The undertaking was eventually ruled out as it would have needed forces three times larger than those already required for planned operations in Burma, and at a time when all amphibious transport was in short supply in the South-East Asian and related campaigns because of the higher-priority requirements for operations in the Pacific, the Mediterranean and the English Channel. The operation was also rendered superfluous by the Japanese surrender in August 1945.
Had the 'Culverin' operation gone ahead and succeeded, it would have opened the way for an attack on the Kra isthmus for an advance on Bangkok, the capital of Thailand, and for an attack to the south along the Strait of Malacca with a view to recapturing Malaya and/or Singapore.
The concept for 'Culverin' was first mooted by Prime Minister Winston Churchill at the 'Quadrant' conference in Quebec on 20 August 1943. Churchill was dissatisfied with the limited scope of current Allied plans for the South-East Asian theatre for 1943/44, and felt that by taking northern Sumatra 'we should be striking and seizing a point of our own against which the Japanese would have to beat themselves if they wished to avoid the severe drain which would be imposed on their shipping by our air action from Sumatra'. No detailed staff study of such an operation had been undertaken up to this time, and the matter was allowed to lapse before being revived in February 1944, when a delegation from Admiral Lord Louis Mountbatten, Supreme Allied Commander in South-East Asia, reported to the Defence Committee in London.
Mountbatten proposed amphibious operations in co-operation with the US-led forces of General Douglas MacArthur’s South-West Pacific Area command. 'Culverin' would be a necessary first part of this plan. The US Joint Chiefs-of-Staff did not favour this idea, however, in part because Mountbatten’s deputy, the US Lieutenant General Joseph W. Stilwell, had sent a separate mission to Washington to present his own somewhat differing views.
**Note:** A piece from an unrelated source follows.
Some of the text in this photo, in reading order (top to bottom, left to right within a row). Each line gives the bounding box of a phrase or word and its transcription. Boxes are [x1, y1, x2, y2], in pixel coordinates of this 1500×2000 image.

In the event, most of the Japanese navy’s battleships and cruisers were transferred to Singapore at about the same time, radically strengthening the capability of the Japanese to react swiftly and with great strength to any Allied move against Sumatra. As amphibious operations depended on local naval superiority, 'Culverin' had therefore to be abandoned as the Royal Navy could not reinforce its forces in the Indian Ocean with sufficient strength to face the Japanese main battle fleet, and the US Navy did not favour operations in what was clearly a secondary theatre.
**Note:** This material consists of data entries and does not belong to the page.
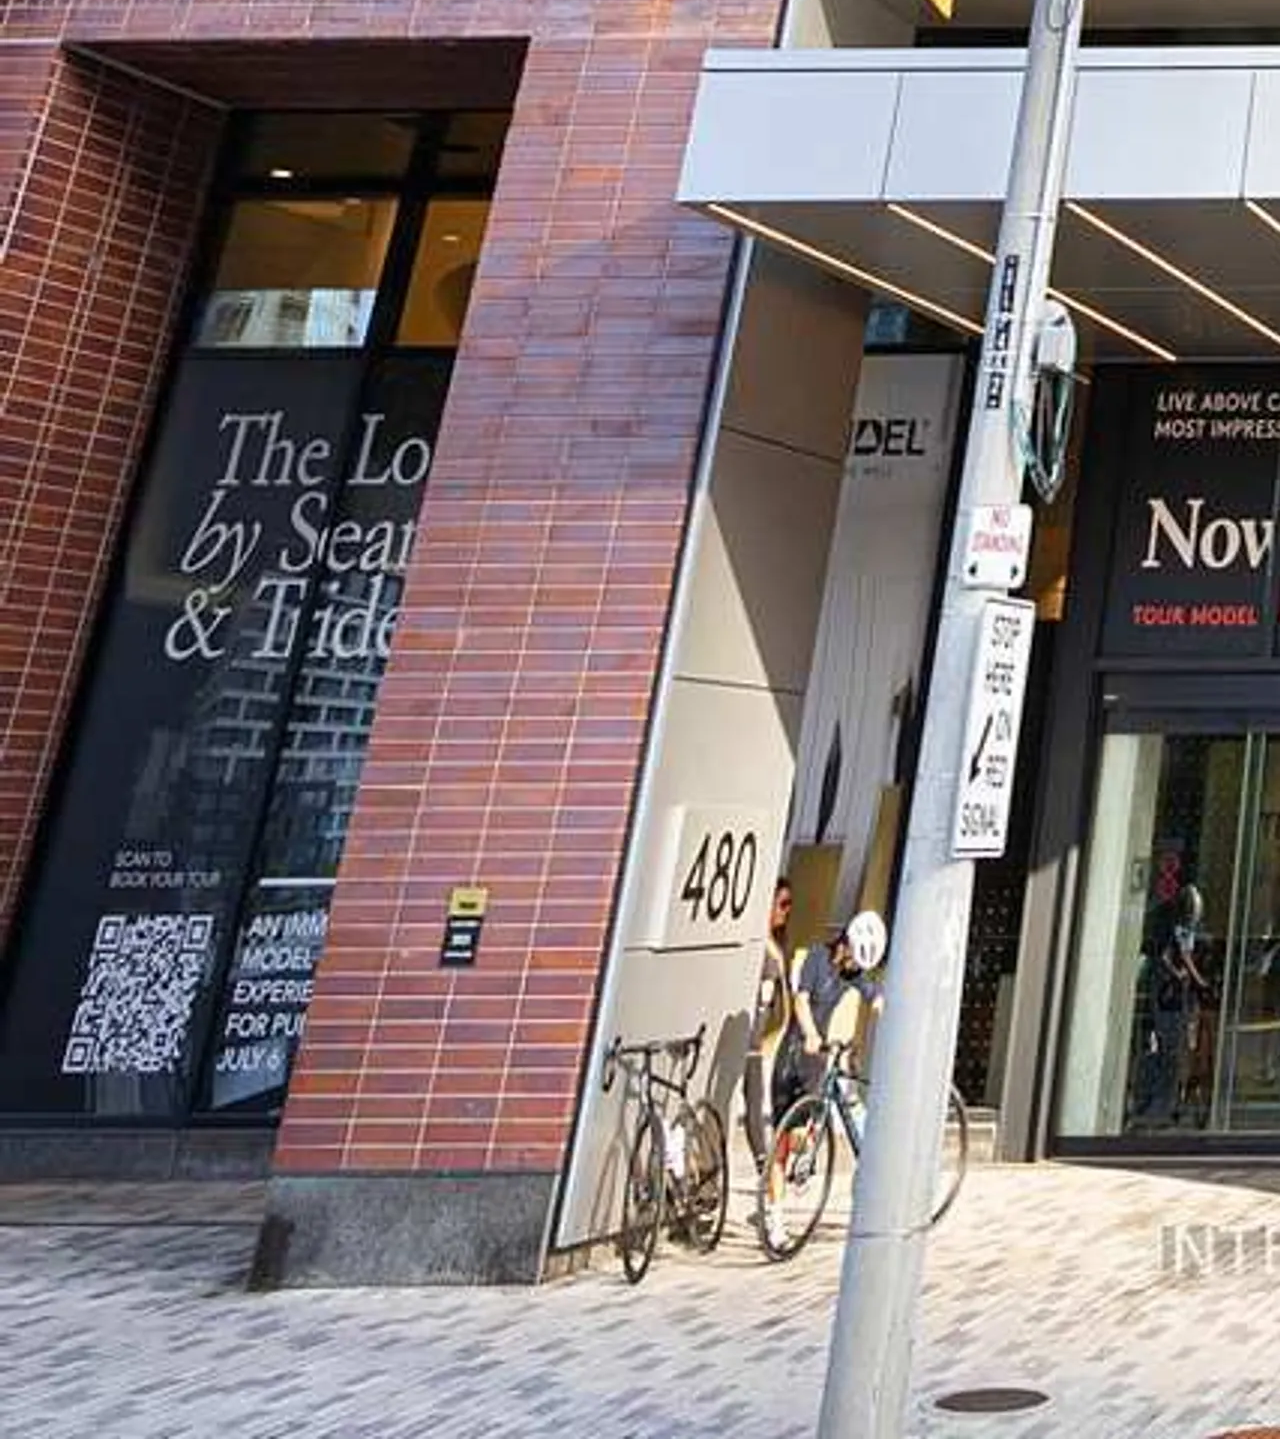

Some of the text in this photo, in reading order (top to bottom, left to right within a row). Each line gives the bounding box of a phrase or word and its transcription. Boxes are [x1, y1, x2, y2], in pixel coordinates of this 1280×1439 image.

[1154, 419, 1204, 439] MOST
[1157, 392, 1197, 412] LIVE
[1200, 392, 1261, 412] ABOVE
[216, 410, 331, 485] The
[180, 489, 262, 594] by
[164, 588, 233, 660] &
[1132, 605, 1186, 625] TOUR
[1189, 605, 1258, 625] MODEL
[681, 832, 756, 922] 480
The South-East Asia command was considerably more cautious than Churchill in its estimates for the resources required for successful amphibious operations. For the much less ambitious 'Buccaneer', as the proposed capture of the Andaman islands group was termed, the South-East Asia command suggested a land force of 50,000 men for a task which Churchill had assumed to be within the grasp of the 14,000 men of one division.
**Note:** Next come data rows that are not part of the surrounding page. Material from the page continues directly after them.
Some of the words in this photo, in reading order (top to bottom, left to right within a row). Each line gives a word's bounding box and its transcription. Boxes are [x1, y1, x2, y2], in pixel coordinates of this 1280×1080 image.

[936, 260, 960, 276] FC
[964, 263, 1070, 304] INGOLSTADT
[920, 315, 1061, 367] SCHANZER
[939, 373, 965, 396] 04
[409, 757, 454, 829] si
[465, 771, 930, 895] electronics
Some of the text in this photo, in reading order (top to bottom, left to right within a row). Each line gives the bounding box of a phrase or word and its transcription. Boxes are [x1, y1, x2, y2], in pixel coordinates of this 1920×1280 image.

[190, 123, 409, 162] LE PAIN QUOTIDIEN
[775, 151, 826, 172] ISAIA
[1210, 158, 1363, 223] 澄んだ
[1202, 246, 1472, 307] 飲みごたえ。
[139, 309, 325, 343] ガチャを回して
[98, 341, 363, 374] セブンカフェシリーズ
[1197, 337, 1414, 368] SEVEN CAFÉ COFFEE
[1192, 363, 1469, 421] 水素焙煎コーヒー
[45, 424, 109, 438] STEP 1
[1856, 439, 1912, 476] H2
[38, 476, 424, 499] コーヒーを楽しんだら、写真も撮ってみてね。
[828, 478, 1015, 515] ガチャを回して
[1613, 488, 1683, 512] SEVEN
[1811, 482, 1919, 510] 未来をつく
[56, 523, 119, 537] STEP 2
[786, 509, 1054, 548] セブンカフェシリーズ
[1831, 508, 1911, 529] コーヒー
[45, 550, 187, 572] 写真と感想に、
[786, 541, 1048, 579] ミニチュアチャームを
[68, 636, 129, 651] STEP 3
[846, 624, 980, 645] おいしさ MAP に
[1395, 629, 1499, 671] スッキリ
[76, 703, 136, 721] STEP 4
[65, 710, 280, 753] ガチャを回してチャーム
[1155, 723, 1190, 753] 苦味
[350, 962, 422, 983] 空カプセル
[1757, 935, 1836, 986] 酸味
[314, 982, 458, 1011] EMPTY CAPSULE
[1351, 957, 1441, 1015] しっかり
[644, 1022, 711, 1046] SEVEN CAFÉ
Moreover, as no land-based air support would have been available until a very large lodgement had been secured, Mountbatten demanded the use of almost every aircraft carrier possessed by the Royal Navy, which would have had adverse effects on the conduct of other operations.
In the middle of 1945, the matter of a Sumatran landing was finally dropped. The Japanese fleet had been destroyed, but the preferred plan was now 'Zipper' for a landing on the coast of Malaya.